#### Requirement
The records underneath are to be repeated exactly, with the pictures left out.

[Image-backed grounding data]
-.-.-

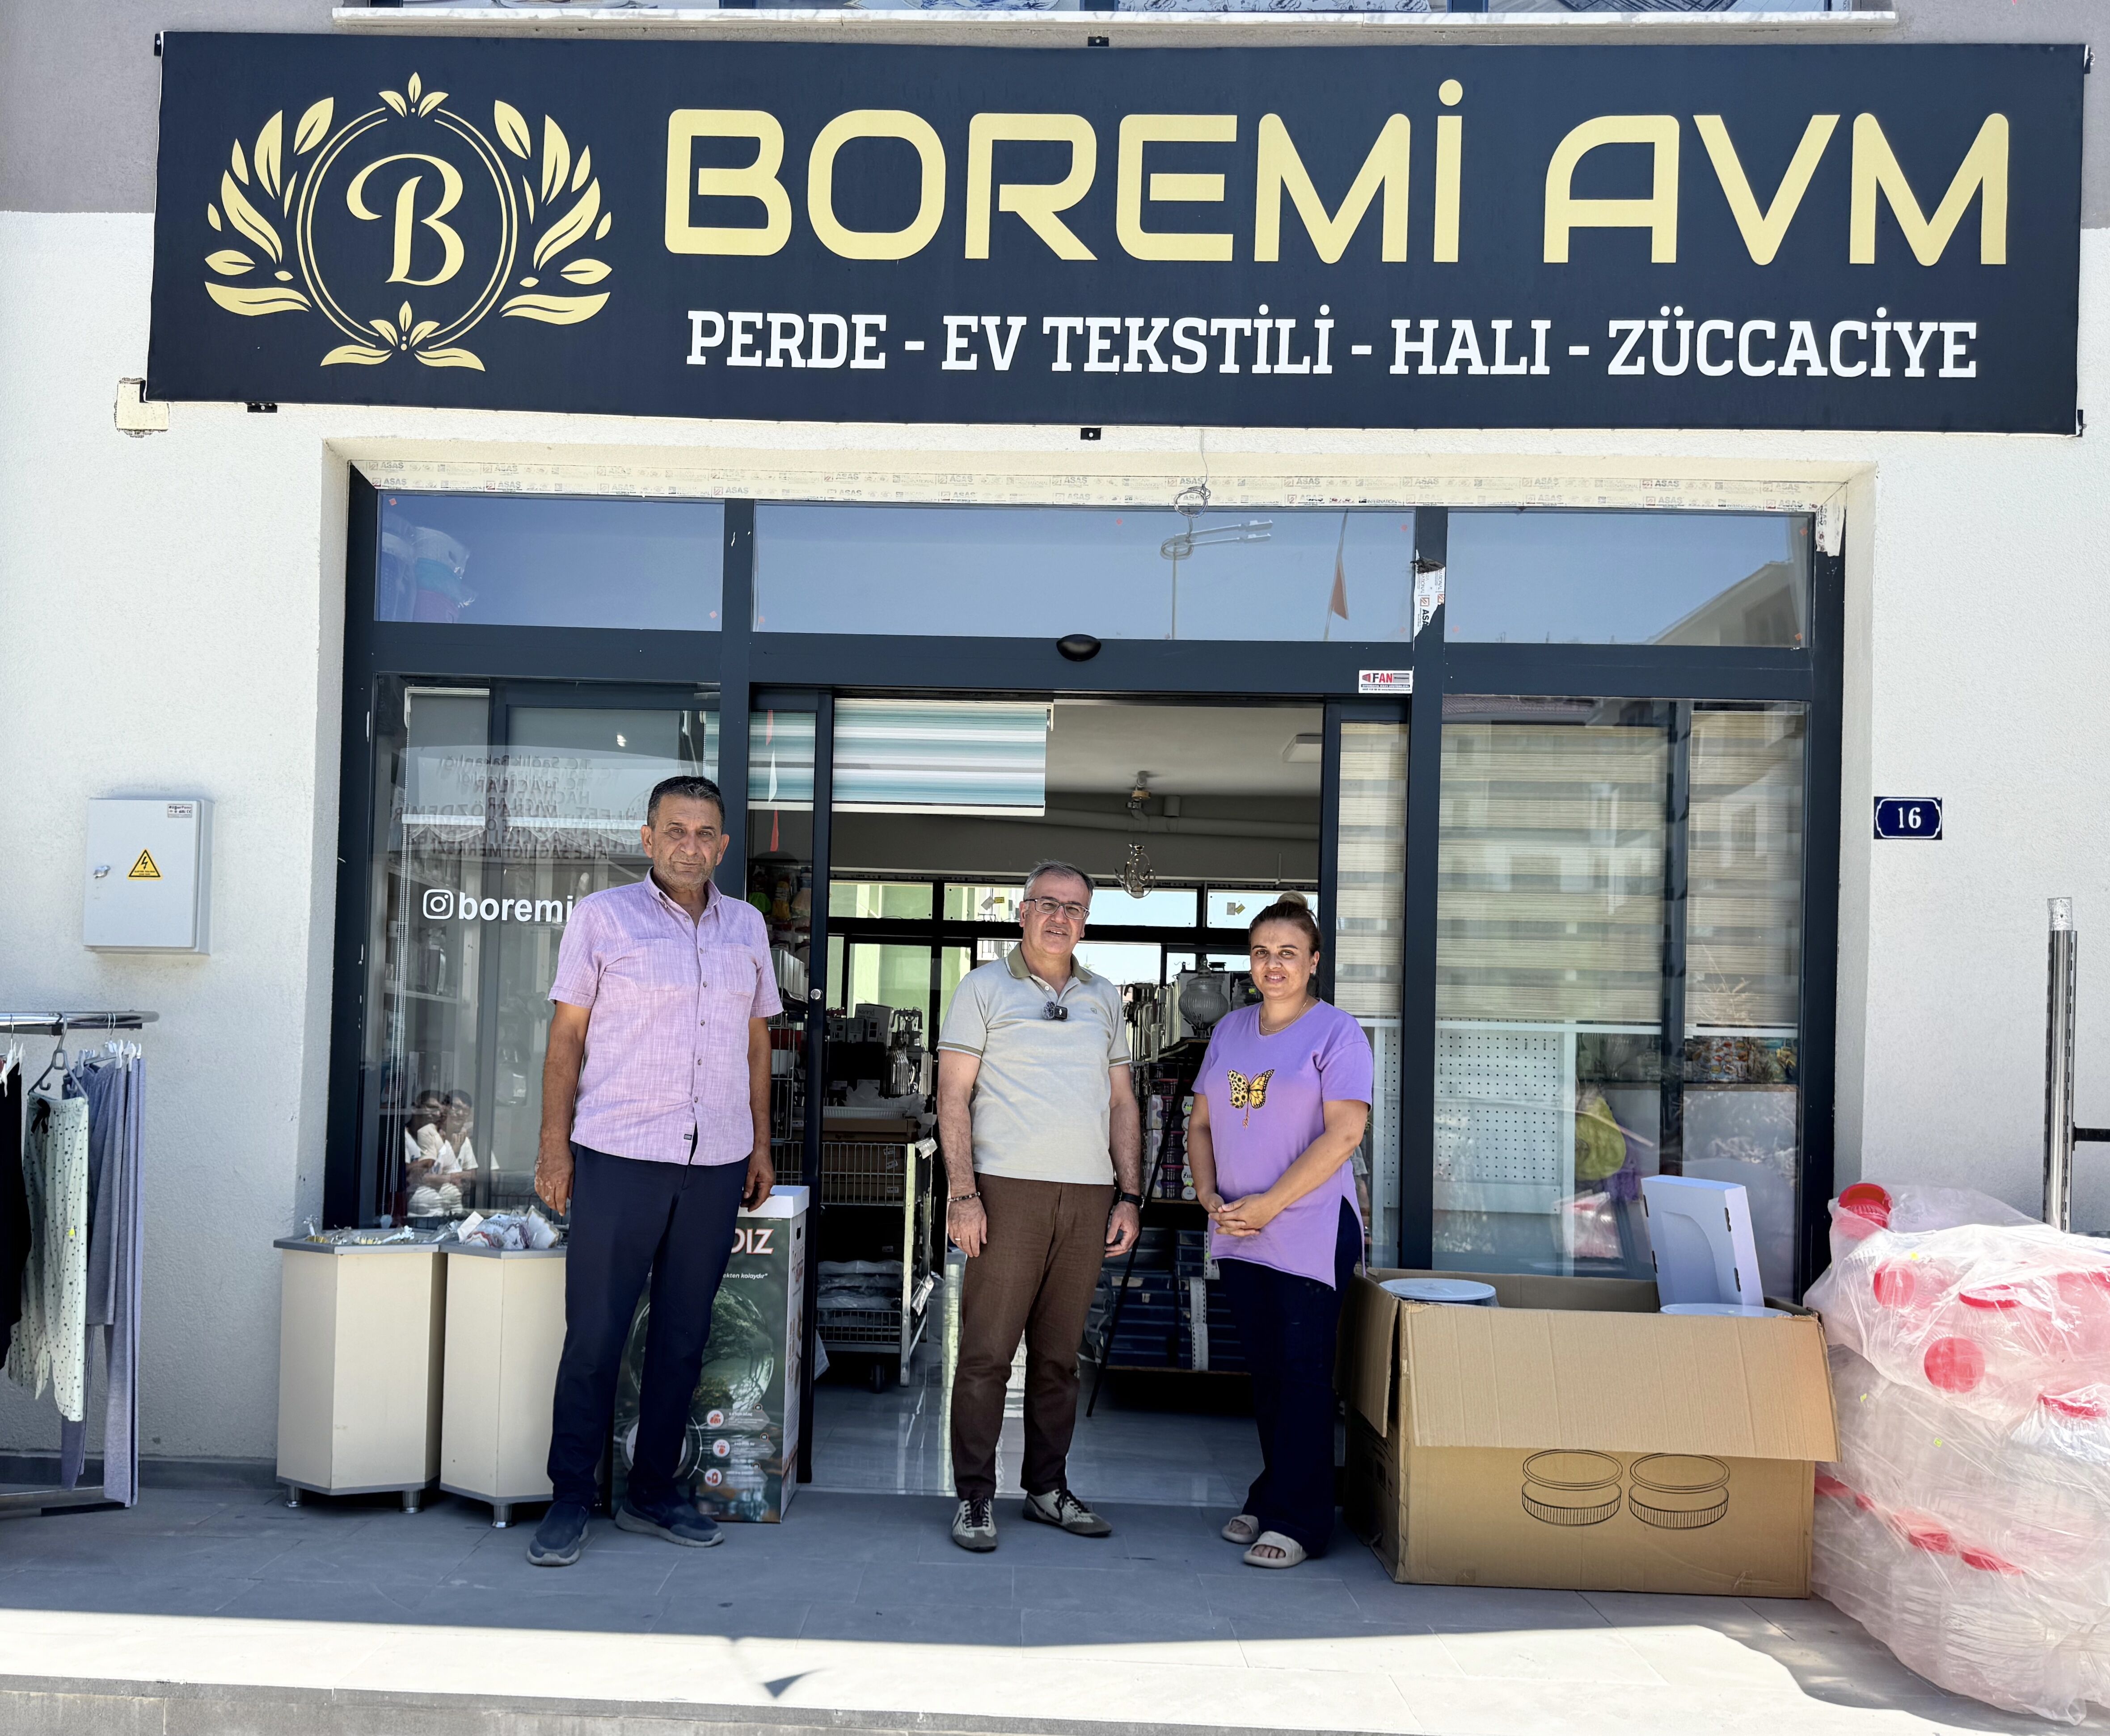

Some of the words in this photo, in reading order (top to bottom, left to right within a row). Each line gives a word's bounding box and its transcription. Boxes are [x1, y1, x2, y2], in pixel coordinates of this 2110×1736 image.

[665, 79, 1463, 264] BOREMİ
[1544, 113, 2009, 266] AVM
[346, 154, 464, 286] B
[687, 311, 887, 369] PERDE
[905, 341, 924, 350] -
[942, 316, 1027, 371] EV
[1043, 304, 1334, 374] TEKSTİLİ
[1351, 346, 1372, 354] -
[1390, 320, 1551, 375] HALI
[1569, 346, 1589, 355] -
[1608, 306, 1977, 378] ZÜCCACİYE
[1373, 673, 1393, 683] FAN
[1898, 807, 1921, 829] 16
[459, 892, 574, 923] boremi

-.-.-

#### Written solution
Some of the words in this photo, in reading order (top to bottom, left to right within a row). Each line gives a word's bounding box and its transcription. Boxes are [x1, y1, x2, y2], in pixel coordinates of this 2110×1736 image.

[665, 79, 1463, 264] BOREMİ
[1544, 113, 2009, 266] AVM
[346, 154, 464, 286] B
[687, 311, 887, 369] PERDE
[905, 341, 924, 350] -
[942, 316, 1027, 371] EV
[1043, 304, 1334, 374] TEKSTİLİ
[1351, 346, 1372, 354] -
[1390, 320, 1551, 375] HALI
[1569, 346, 1589, 355] -
[1608, 306, 1977, 378] ZÜCCACİYE
[1373, 673, 1393, 683] FAN
[1898, 807, 1921, 829] 16
[459, 892, 574, 923] boremi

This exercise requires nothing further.